The next morning, the orange tree had revealed itself to be something else entirely, at least after it consumed some amount of the meatrock.

Stonefruit Tree

Each Stonefruit Tree is in and of itself unremarkable. It produces a fairly mundane, standard wood. The leaves are neither edible nor magically dense. The roots contain no alchemical properties.

The fruits are similarly dull things, tasty enough but with little value beyond a fragile, perishable food source.

The pit that each fruit contains, however, is an entirely different story. The Stonefruit Tree, which cares little for its own survival, gives a massive amount on energy for its own propagation. Every bit of magic these trees take in from their environment is packed into the seeds for the express purpose of increasing their hardness. They are simply inedible by all but the very most powerful beasts, able to pass uninjured through even the most vigorous of digestive tracts to flourish in the outside world.

“Oh, gods. Tulland, you have to try this.” Necia tossed him one of the fruits, which he bit into. Objectively, it wasn’t the best fruit he had ever had.
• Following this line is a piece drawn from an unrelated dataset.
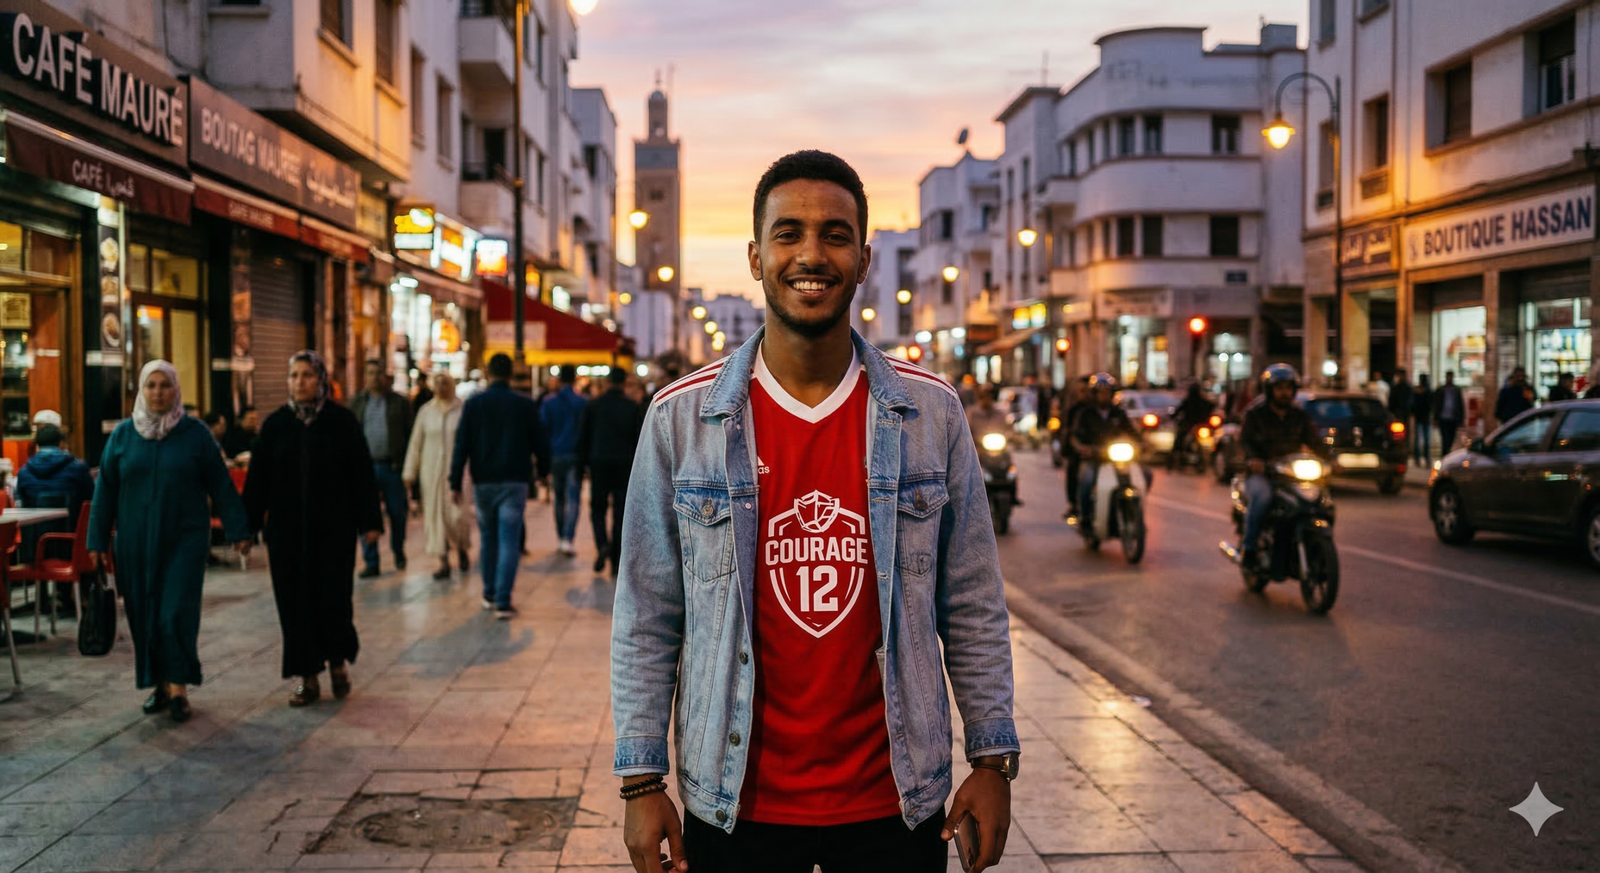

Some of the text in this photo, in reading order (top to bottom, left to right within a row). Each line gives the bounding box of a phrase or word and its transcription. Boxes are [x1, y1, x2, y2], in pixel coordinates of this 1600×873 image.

But in a world where four or five food sources comprised the entirety of his diet, anything new and even kind of good was a treasure.
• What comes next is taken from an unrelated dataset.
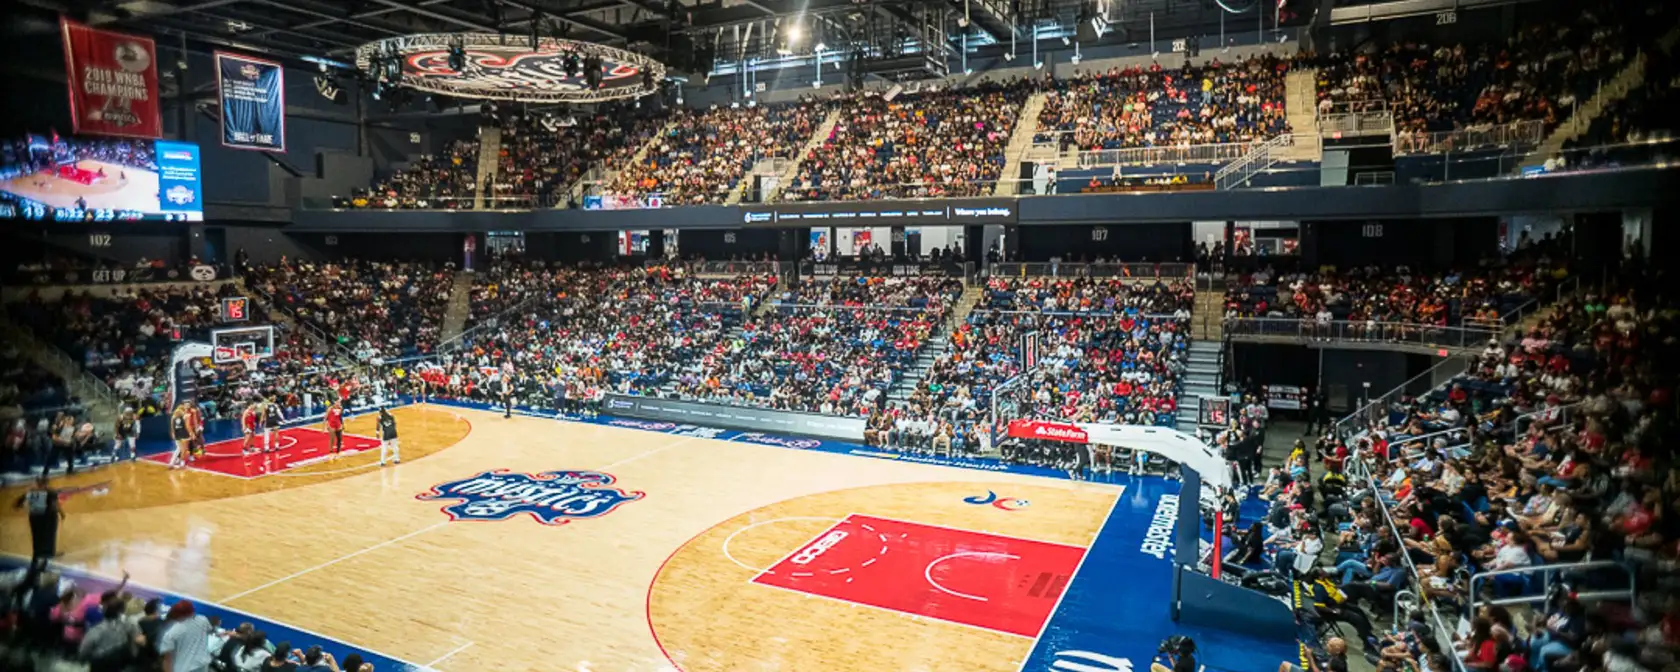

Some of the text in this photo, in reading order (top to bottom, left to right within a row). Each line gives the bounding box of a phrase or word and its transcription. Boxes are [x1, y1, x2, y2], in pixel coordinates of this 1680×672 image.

And the effect on my garden was huge. That’s like another ten percent to my plants all by itself. Tulland brought out a briar, which jumped back and forth with a strength entirely different than it had before. The difference in his farming screen was similar, if a little more dry and data-based.

Farm Status

Total Plant Power: 648

Trees:

Stonefruit Tree x1

Ironbranch x4

Giant’s Toe x2

Achewood x4 (Parasite load: 58 plants)

Wolfwood x2

...

The list felt almost bottomless.

“The power of agriculture.” Tulland walked over to his secondary garden, which benefited from the power of his farm without actually adding to it. The briars, Ironbranch trees, and Jewel Mosses growing there were all ready to go. “I’m going to rebuild my Farmer’s Tool before we go.”

“Not your armor?”

Tulland shook his head. “Not yet. The weapon is damaged, but the armor is still pretty good. If I can give these trees a little more time to grow, or maybe even get them some better fertilizer, maybe then I can do something better than what I already have.”

“Your call.”

Necia watched as Tulland harvested the necessary materials, holding them up to his Farmer’s Tool for absorption. Right at that moment, the jeweled moss was the hardest substance he could make in anything like big quantities, shiny and as strong as steel. The Ironbranch wood was the most overall durable, taking shocks like a champ and refusing to break under all but the heaviest of forces. Of course, neither were very good compared to real weapons used by real combat classes, but anything that contributed just a bit to his multifaceted way of doing battle was just fine.**

After a bit more harvesting to make sure his seed stock was ready, so was Tulland. Putting on his best harmless demeanor, he and the princess marched towards the next floor.